Spatial localization data
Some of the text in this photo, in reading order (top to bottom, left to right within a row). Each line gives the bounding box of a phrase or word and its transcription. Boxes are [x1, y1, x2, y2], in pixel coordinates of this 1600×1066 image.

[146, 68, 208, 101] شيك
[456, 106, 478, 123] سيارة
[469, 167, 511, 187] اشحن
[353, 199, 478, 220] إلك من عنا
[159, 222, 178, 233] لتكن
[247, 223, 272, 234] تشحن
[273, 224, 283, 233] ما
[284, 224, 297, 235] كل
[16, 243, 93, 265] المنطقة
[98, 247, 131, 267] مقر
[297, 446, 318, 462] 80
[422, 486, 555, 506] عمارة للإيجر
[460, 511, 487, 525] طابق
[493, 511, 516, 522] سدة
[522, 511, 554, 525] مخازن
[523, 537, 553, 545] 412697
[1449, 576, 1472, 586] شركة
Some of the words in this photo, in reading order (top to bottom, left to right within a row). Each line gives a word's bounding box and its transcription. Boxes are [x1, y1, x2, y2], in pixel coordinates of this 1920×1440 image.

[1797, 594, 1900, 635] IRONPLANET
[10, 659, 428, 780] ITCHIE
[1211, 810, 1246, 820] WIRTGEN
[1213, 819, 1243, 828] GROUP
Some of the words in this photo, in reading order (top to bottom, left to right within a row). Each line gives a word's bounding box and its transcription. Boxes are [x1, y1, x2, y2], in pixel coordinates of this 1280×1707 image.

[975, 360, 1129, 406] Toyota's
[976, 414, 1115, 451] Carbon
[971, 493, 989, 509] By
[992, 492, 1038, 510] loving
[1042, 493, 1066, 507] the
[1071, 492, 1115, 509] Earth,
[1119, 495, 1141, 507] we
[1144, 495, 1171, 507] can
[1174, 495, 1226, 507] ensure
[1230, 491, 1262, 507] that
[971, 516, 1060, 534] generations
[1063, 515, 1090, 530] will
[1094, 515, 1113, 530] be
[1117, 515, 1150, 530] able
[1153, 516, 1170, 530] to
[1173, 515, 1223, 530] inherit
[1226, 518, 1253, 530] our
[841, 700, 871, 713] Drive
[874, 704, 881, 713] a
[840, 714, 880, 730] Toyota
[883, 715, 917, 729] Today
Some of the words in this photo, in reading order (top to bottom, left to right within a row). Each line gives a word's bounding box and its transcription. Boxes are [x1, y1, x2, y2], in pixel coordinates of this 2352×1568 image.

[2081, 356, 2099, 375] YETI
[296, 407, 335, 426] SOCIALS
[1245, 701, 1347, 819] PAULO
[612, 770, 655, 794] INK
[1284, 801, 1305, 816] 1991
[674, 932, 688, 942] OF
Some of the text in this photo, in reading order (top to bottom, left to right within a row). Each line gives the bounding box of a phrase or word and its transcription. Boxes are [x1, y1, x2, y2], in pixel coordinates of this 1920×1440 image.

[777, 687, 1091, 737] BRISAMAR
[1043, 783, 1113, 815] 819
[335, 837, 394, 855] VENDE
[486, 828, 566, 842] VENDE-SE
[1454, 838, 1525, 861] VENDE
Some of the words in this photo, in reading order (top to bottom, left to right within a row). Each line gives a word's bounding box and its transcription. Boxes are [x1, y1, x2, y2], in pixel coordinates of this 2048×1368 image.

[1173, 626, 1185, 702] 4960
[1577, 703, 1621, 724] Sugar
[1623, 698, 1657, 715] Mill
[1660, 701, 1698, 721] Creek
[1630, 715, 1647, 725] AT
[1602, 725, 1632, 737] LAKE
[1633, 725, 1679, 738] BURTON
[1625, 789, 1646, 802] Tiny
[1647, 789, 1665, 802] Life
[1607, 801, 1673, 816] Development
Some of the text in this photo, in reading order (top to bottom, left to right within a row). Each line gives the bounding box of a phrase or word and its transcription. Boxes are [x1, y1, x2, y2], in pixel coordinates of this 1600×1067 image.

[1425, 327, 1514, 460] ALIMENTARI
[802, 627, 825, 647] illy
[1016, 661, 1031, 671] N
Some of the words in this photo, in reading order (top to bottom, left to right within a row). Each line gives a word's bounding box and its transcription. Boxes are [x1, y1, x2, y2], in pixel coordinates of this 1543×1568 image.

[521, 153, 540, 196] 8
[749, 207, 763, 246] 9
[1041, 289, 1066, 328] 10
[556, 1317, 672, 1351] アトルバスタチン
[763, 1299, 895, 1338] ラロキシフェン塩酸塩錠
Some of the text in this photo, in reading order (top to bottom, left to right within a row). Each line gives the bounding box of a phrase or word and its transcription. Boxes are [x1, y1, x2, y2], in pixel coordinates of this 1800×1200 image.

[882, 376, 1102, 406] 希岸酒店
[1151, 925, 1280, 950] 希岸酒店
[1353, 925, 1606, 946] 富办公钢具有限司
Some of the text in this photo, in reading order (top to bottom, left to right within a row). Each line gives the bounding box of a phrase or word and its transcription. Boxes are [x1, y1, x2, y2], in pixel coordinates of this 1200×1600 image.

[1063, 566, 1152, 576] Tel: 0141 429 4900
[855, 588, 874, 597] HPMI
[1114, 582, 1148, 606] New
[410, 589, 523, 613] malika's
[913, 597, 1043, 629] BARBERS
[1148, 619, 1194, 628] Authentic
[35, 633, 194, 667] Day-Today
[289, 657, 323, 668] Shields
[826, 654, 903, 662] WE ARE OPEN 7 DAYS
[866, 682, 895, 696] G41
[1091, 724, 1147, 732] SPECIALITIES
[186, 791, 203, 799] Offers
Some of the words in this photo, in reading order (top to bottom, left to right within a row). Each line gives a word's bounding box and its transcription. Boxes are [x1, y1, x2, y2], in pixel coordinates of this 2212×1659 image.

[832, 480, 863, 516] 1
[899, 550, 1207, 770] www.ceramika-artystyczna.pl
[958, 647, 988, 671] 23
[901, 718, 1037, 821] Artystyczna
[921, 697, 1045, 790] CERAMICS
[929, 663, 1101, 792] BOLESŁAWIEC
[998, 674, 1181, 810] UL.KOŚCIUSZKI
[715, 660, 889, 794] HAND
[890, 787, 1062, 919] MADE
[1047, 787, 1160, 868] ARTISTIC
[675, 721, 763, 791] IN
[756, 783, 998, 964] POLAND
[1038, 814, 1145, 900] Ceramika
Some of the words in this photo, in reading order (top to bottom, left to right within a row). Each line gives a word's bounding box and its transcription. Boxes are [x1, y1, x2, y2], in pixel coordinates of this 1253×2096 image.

> **Task to carry out**: Copy down the whole of the data above, matching it exactly.

> **Solution for this exercise**:
Some of the text in this photo, in reading order (top to bottom, left to right within a row). Each line gives the bounding box of a phrase or word and its transcription. Boxes are [x1, y1, x2, y2], in pixel coordinates of this 1600×1066 image.

[146, 68, 208, 101] شيك
[456, 106, 478, 123] سيارة
[469, 167, 511, 187] اشحن
[353, 199, 478, 220] إلك من عنا
[159, 222, 178, 233] لتكن
[247, 223, 272, 234] تشحن
[273, 224, 283, 233] ما
[284, 224, 297, 235] كل
[16, 243, 93, 265] المنطقة
[98, 247, 131, 267] مقر
[297, 446, 318, 462] 80
[422, 486, 555, 506] عمارة للإيجر
[460, 511, 487, 525] طابق
[493, 511, 516, 522] سدة
[522, 511, 554, 525] مخازن
[523, 537, 553, 545] 412697
[1449, 576, 1472, 586] شركة
Some of the words in this photo, in reading order (top to bottom, left to right within a row). Each line gives a word's bounding box and its transcription. Boxes are [x1, y1, x2, y2], in pixel coordinates of this 1920×1440 image.

[1797, 594, 1900, 635] IRONPLANET
[10, 659, 428, 780] ITCHIE
[1211, 810, 1246, 820] WIRTGEN
[1213, 819, 1243, 828] GROUP
Some of the words in this photo, in reading order (top to bottom, left to right within a row). Each line gives a word's bounding box and its transcription. Boxes are [x1, y1, x2, y2], in pixel coordinates of this 1280×1707 image.

[975, 360, 1129, 406] Toyota's
[976, 414, 1115, 451] Carbon
[971, 493, 989, 509] By
[992, 492, 1038, 510] loving
[1042, 493, 1066, 507] the
[1071, 492, 1115, 509] Earth,
[1119, 495, 1141, 507] we
[1144, 495, 1171, 507] can
[1174, 495, 1226, 507] ensure
[1230, 491, 1262, 507] that
[971, 516, 1060, 534] generations
[1063, 515, 1090, 530] will
[1094, 515, 1113, 530] be
[1117, 515, 1150, 530] able
[1153, 516, 1170, 530] to
[1173, 515, 1223, 530] inherit
[1226, 518, 1253, 530] our
[841, 700, 871, 713] Drive
[874, 704, 881, 713] a
[840, 714, 880, 730] Toyota
[883, 715, 917, 729] Today
Some of the words in this photo, in reading order (top to bottom, left to right within a row). Each line gives a word's bounding box and its transcription. Boxes are [x1, y1, x2, y2], in pixel coordinates of this 2352×1568 image.

[2081, 356, 2099, 375] YETI
[296, 407, 335, 426] SOCIALS
[1245, 701, 1347, 819] PAULO
[612, 770, 655, 794] INK
[1284, 801, 1305, 816] 1991
[674, 932, 688, 942] OF
Some of the text in this photo, in reading order (top to bottom, left to right within a row). Each line gives the bounding box of a phrase or word and its transcription. Boxes are [x1, y1, x2, y2], in pixel coordinates of this 1920×1440 image.

[777, 687, 1091, 737] BRISAMAR
[1043, 783, 1113, 815] 819
[335, 837, 394, 855] VENDE
[486, 828, 566, 842] VENDE-SE
[1454, 838, 1525, 861] VENDE
Some of the words in this photo, in reading order (top to bottom, left to right within a row). Each line gives a word's bounding box and its transcription. Boxes are [x1, y1, x2, y2], in pixel coordinates of this 2048×1368 image.

[1173, 626, 1185, 702] 4960
[1577, 703, 1621, 724] Sugar
[1623, 698, 1657, 715] Mill
[1660, 701, 1698, 721] Creek
[1630, 715, 1647, 725] AT
[1602, 725, 1632, 737] LAKE
[1633, 725, 1679, 738] BURTON
[1625, 789, 1646, 802] Tiny
[1647, 789, 1665, 802] Life
[1607, 801, 1673, 816] Development
Some of the text in this photo, in reading order (top to bottom, left to right within a row). Each line gives the bounding box of a phrase or word and its transcription. Boxes are [x1, y1, x2, y2], in pixel coordinates of this 1600×1067 image.

[1425, 327, 1514, 460] ALIMENTARI
[802, 627, 825, 647] illy
[1016, 661, 1031, 671] N
Some of the words in this photo, in reading order (top to bottom, left to right within a row). Each line gives a word's bounding box and its transcription. Boxes are [x1, y1, x2, y2], in pixel coordinates of this 1543×1568 image.

[521, 153, 540, 196] 8
[749, 207, 763, 246] 9
[1041, 289, 1066, 328] 10
[556, 1317, 672, 1351] アトルバスタチン
[763, 1299, 895, 1338] ラロキシフェン塩酸塩錠
Some of the text in this photo, in reading order (top to bottom, left to right within a row). Each line gives the bounding box of a phrase or word and its transcription. Boxes are [x1, y1, x2, y2], in pixel coordinates of this 1800×1200 image.

[882, 376, 1102, 406] 希岸酒店
[1151, 925, 1280, 950] 希岸酒店
[1353, 925, 1606, 946] 富办公钢具有限司
Some of the text in this photo, in reading order (top to bottom, left to right within a row). Each line gives the bounding box of a phrase or word and its transcription. Boxes are [x1, y1, x2, y2], in pixel coordinates of this 1200×1600 image.

[1063, 566, 1152, 576] Tel: 0141 429 4900
[855, 588, 874, 597] HPMI
[1114, 582, 1148, 606] New
[410, 589, 523, 613] malika's
[913, 597, 1043, 629] BARBERS
[1148, 619, 1194, 628] Authentic
[35, 633, 194, 667] Day-Today
[289, 657, 323, 668] Shields
[826, 654, 903, 662] WE ARE OPEN 7 DAYS
[866, 682, 895, 696] G41
[1091, 724, 1147, 732] SPECIALITIES
[186, 791, 203, 799] Offers
Some of the words in this photo, in reading order (top to bottom, left to right within a row). Each line gives a word's bounding box and its transcription. Boxes are [x1, y1, x2, y2], in pixel coordinates of this 2212×1659 image.

[832, 480, 863, 516] 1
[899, 550, 1207, 770] www.ceramika-artystyczna.pl
[958, 647, 988, 671] 23
[901, 718, 1037, 821] Artystyczna
[921, 697, 1045, 790] CERAMICS
[929, 663, 1101, 792] BOLESŁAWIEC
[998, 674, 1181, 810] UL.KOŚCIUSZKI
[715, 660, 889, 794] HAND
[890, 787, 1062, 919] MADE
[1047, 787, 1160, 868] ARTISTIC
[675, 721, 763, 791] IN
[756, 783, 998, 964] POLAND
[1038, 814, 1145, 900] Ceramika
Some of the words in this photo, in reading order (top to bottom, left to right within a row). Each line gives a word's bounding box and its transcription. Boxes are [x1, y1, x2, y2], in pixel coordinates of this 1253×2096 image.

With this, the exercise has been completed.